Клингером же и обоими Гижицкими я решил заняться сразу, не дожидаясь второго визита Браницкой. И пришлось мне немало побегать и порыть носом, повстречаться с некоторыми людьми, из тех, что с нашим братом сыщиком не особенно желают знаться. Особенно бывшие офицеры, которых много жило в районе Пристани; занимались эти господа кто чем, половина пошла в извозчики или шоферила вроде покойника Сиенкова, часть перебивалась случайными заработками, торговлишкой и часть, наконец, жила подачками и тем, что зарабатывали их верные и несчастные подруги.

У купца Атяшева, которому я помогал с его сунгарийскими баржами, в охранниках служил бывший казачий есаул. Через него-то я и вышел на капитана Бельского, про которого есаул сказал, что тот вроде служил у барона Унгерна и стало быть, мог знать Камиля Гижицкого.

Со дня визита Дороты Браницкой прошла неделя. Бельского я нашел в одном из кабачков, носившем пышное название “Офицерское собрание у Пристани”. Кто-то там вечно играл на гитаре, и сегодня гнусавенький тенорок выстанывал что-то про ветер в степи молдаванской. Плавал сигаретный дым, и я помимо воли вспомнил беднягу Флавинского, прятавшегося и обходившегося, как я думал, и без сигарет, и без водки. Бельскому было лет под сорок, мундир засален, фуражка блином, небрит дней пять, лицо худое, горбоносое, и светлые глубоко посаженные глаза уставились в одну точку.

Обработать Бельского оказалось не так-то легко. Есаула, на которого я сослался, он не помнил, и кто таков Гижицкий, тоже упорно не хотел вспоминать – а может и правда с памятью у него было совсем худо, стал думать я после первых своих вопросов.
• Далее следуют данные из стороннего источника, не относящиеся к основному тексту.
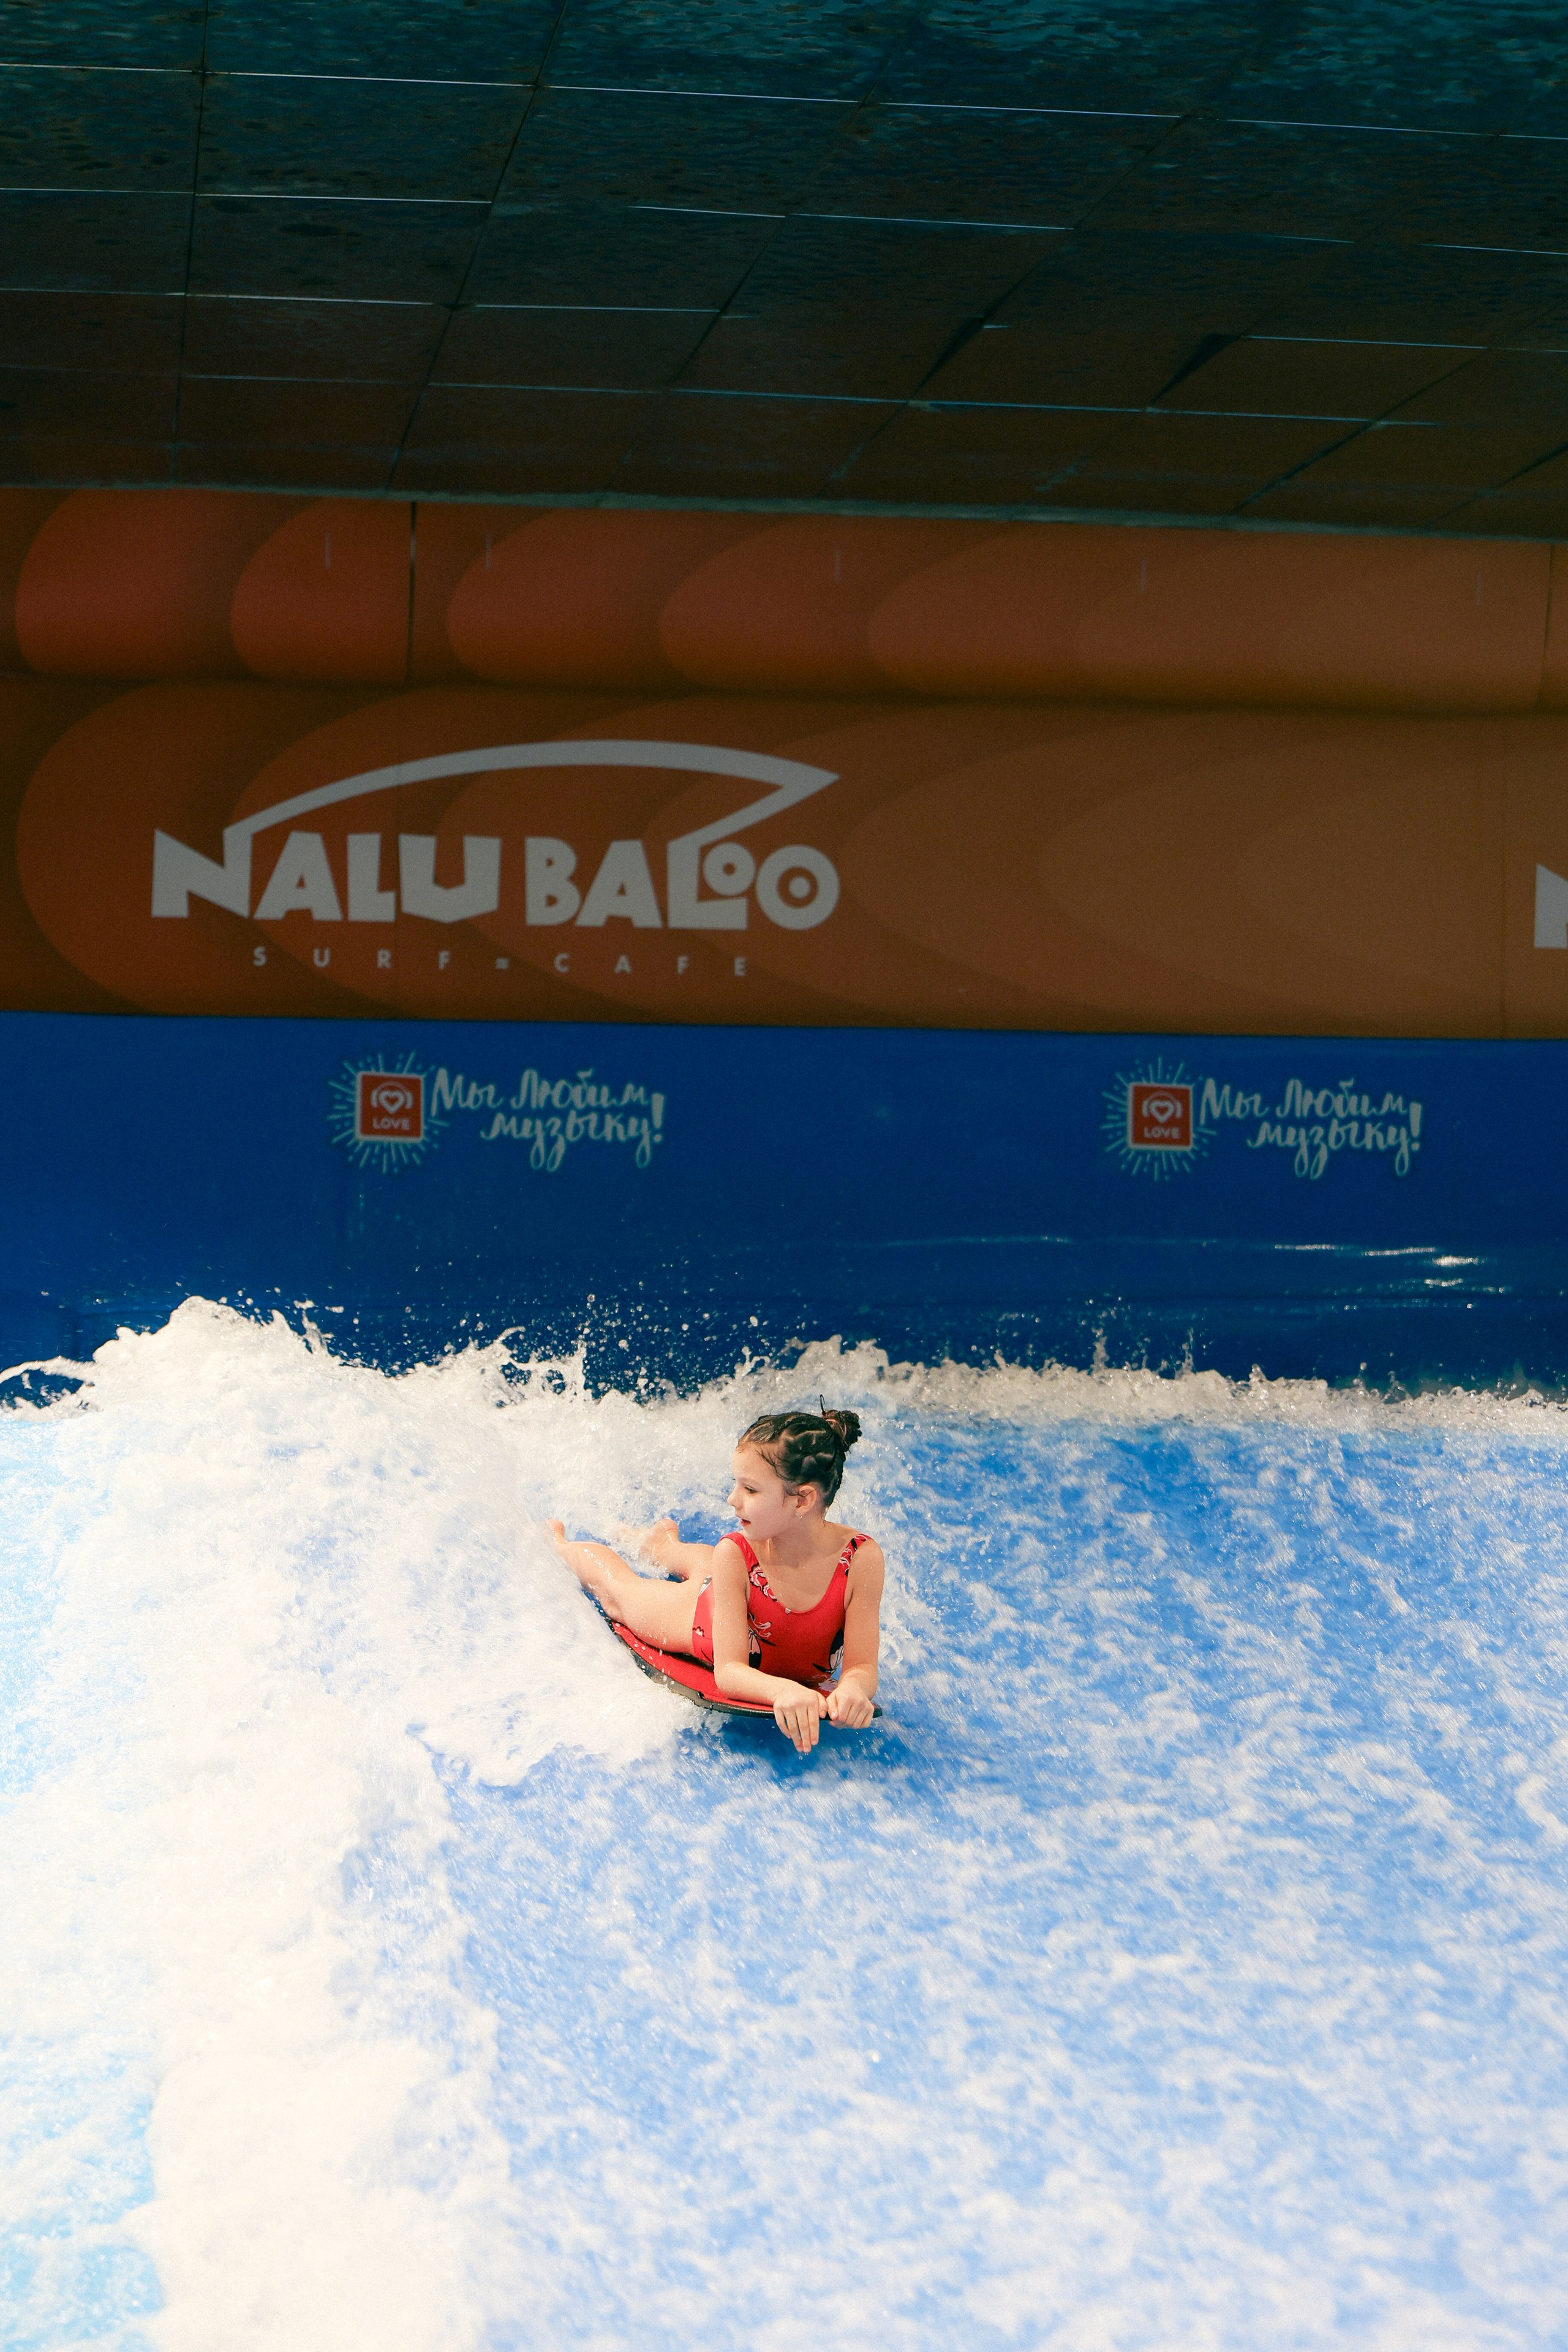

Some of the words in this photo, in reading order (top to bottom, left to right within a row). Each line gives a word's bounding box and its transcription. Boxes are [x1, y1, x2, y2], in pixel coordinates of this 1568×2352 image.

[151, 828, 501, 923] NALU
[525, 836, 840, 930] BALOO
[252, 946, 451, 971] SURF
[553, 952, 746, 977] CAFE
[430, 1066, 504, 1117] Мы
[510, 1067, 650, 1110] Любим
[1199, 1077, 1269, 1126] Мы
[1275, 1077, 1408, 1118] Любим
[372, 1116, 410, 1131] LOVE
[480, 1092, 665, 1172] музыку!
[1144, 1126, 1180, 1140] LOVE
[1246, 1102, 1422, 1180] музыку!
Капитан был пьян, но в меру, лицо его было бледно, а глубоко посаженные глаза казались совсем безучастными.

– Нет, господин Травин, не припомню я такого, – тем же вежливым и бесцветным голосом отвечал он. – Вокруг господина барона много тогда странного народу крутилось, и будь его поменьше, было бы больше толку.
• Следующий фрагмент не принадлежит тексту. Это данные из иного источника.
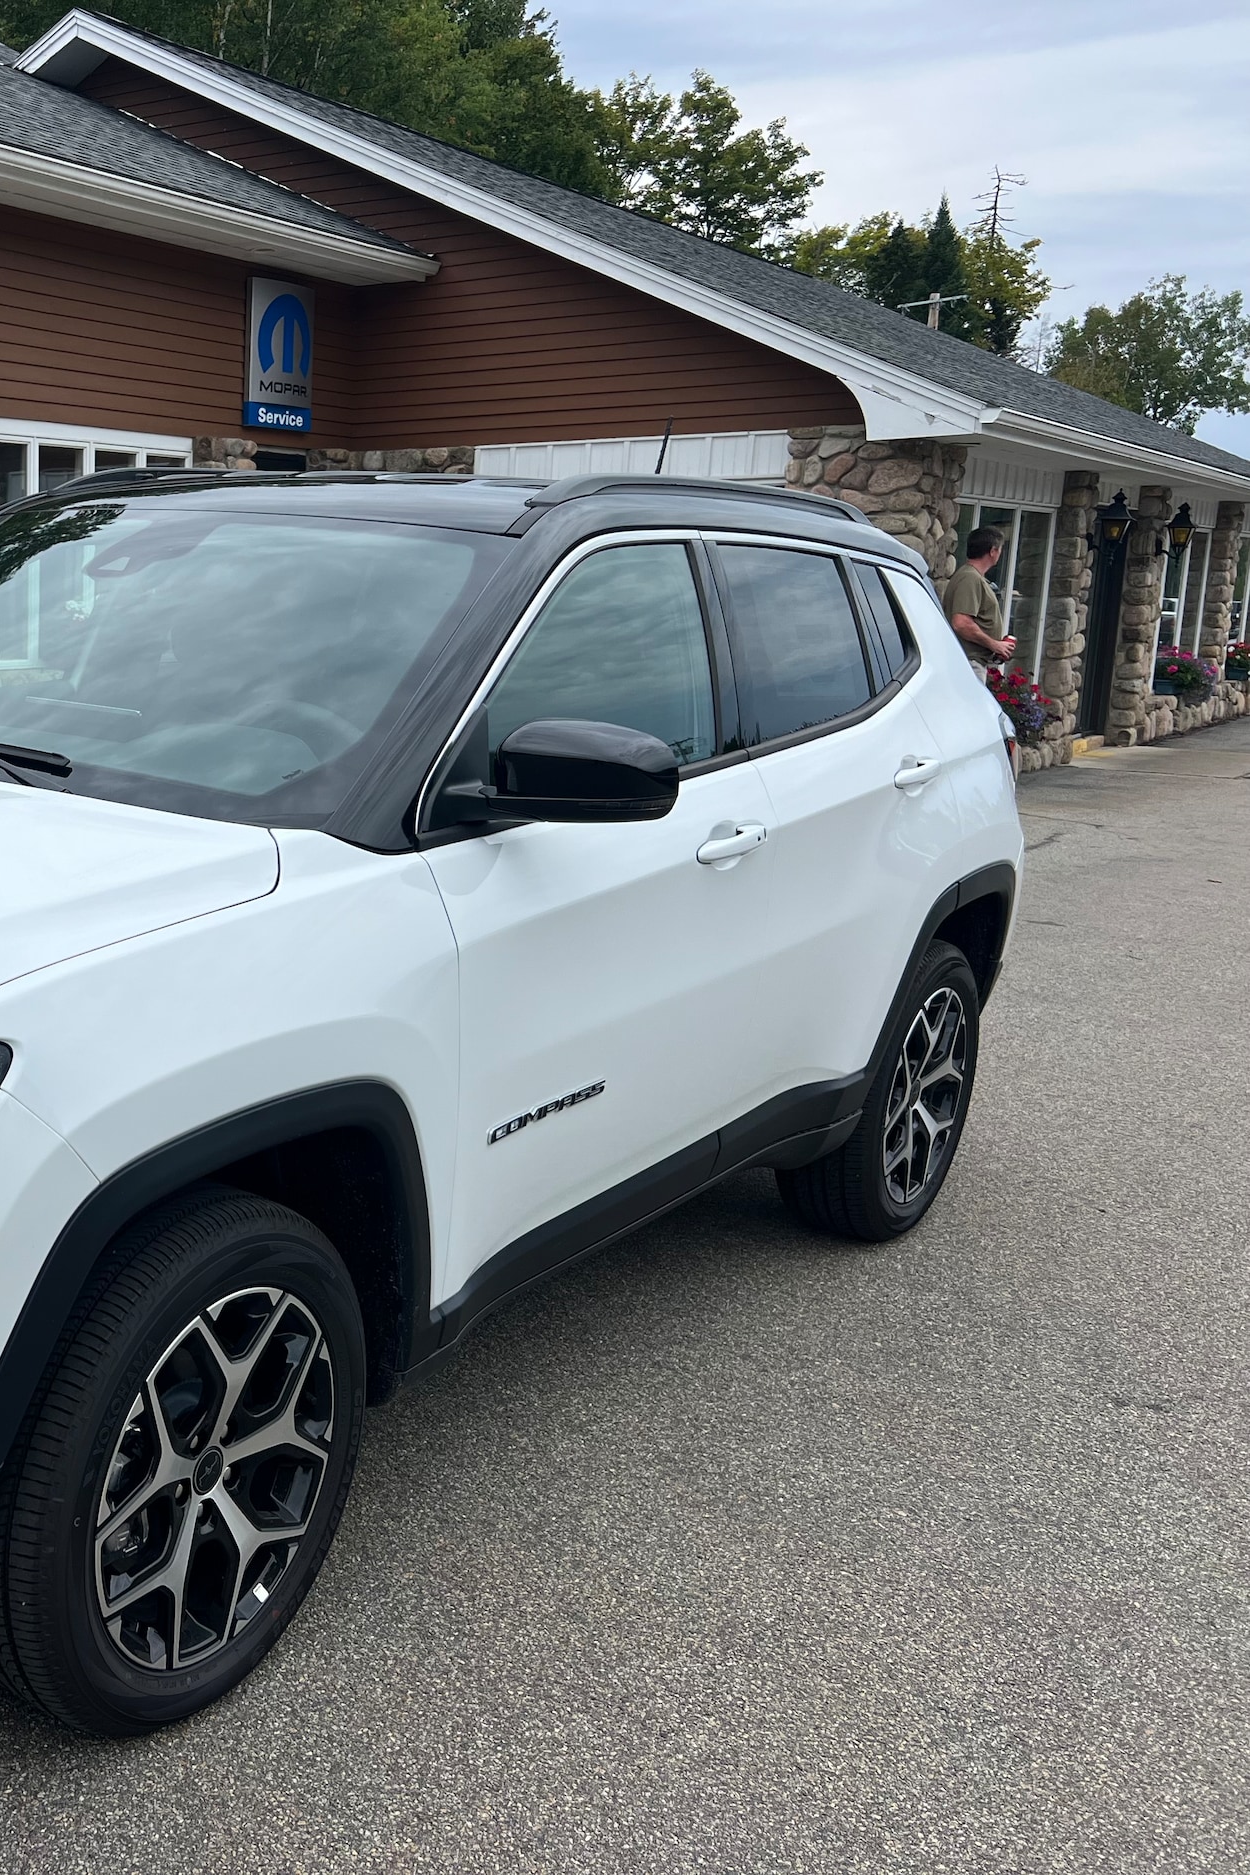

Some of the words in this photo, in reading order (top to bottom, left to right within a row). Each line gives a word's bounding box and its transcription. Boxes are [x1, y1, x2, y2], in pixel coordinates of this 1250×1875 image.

[259, 379, 307, 398] MOPAR
[257, 406, 304, 428] Service
[486, 1078, 606, 1146] COMPASS
[92, 1338, 158, 1460] YOKOHAMA
На упоминании о сокровищах Бельский откровенно расхохотался.

– Монголы не воевали даром, господин Травин, – отсмеявшись, ответил он. – Те триста шестьдесят тысяч золотых рублей, которые мы вывезли из Даурии, и несколько пудов золота и серебра из китайского банка в Урге были потрачены так же легко, как и взяты. Монголы, китайцы, ламы эти, мать их, богдыхан…
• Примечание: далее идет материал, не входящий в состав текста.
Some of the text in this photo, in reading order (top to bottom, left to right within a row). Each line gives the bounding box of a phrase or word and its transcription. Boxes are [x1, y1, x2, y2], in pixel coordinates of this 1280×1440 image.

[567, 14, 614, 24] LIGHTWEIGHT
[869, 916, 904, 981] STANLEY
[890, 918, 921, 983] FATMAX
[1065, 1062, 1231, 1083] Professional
Он сплюнул и насмешливо в упор уставился на меня.

– А после Кяхты комиссары нас ободрали дочиста. Так что нет никакого золота Унгерна. Барон умер нищим, – Бельский покачал головой, закурил протянутую мной папиросу и затянулся глубоко, с наслаждением долго не курившего хороший табак человека. – Жил смешно и умер грешно. Перед смертью-то все кровь лил, не мог остановиться. Врача нашего, Клинген… – Бельский икнул, – …берга, ташуром* избил за то, что тот кого-то вовремя на ноги поставить не мог. Тот упал и ногу сломал. Троих монгол-дезертиров выбросил в солончаковую пустыню перед самой бурей. Кости и одежду двоих мы потом нашли, а от третьего и костей не осталось, одежда только.